_EXERCISE_: Output every entry below exactly as it is written.

Saved data entries:
***

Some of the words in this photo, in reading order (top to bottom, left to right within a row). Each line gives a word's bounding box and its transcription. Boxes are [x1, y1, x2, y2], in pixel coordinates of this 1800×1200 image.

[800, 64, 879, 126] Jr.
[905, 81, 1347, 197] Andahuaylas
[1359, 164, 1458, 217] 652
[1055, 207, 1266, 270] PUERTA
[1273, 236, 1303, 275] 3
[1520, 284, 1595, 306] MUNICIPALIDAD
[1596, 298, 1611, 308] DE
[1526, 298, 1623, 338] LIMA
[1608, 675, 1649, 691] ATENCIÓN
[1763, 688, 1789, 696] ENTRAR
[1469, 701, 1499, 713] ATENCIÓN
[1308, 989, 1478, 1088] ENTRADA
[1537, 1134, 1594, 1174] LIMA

***

_RESULT BELOW_:
Some of the words in this photo, in reading order (top to bottom, left to right within a row). Each line gives a word's bounding box and its transcription. Boxes are [x1, y1, x2, y2], in pixel coordinates of this 1800×1200 image.

[800, 64, 879, 126] Jr.
[905, 81, 1347, 197] Andahuaylas
[1359, 164, 1458, 217] 652
[1055, 207, 1266, 270] PUERTA
[1273, 236, 1303, 275] 3
[1520, 284, 1595, 306] MUNICIPALIDAD
[1596, 298, 1611, 308] DE
[1526, 298, 1623, 338] LIMA
[1608, 675, 1649, 691] ATENCIÓN
[1763, 688, 1789, 696] ENTRAR
[1469, 701, 1499, 713] ATENCIÓN
[1308, 989, 1478, 1088] ENTRADA
[1537, 1134, 1594, 1174] LIMA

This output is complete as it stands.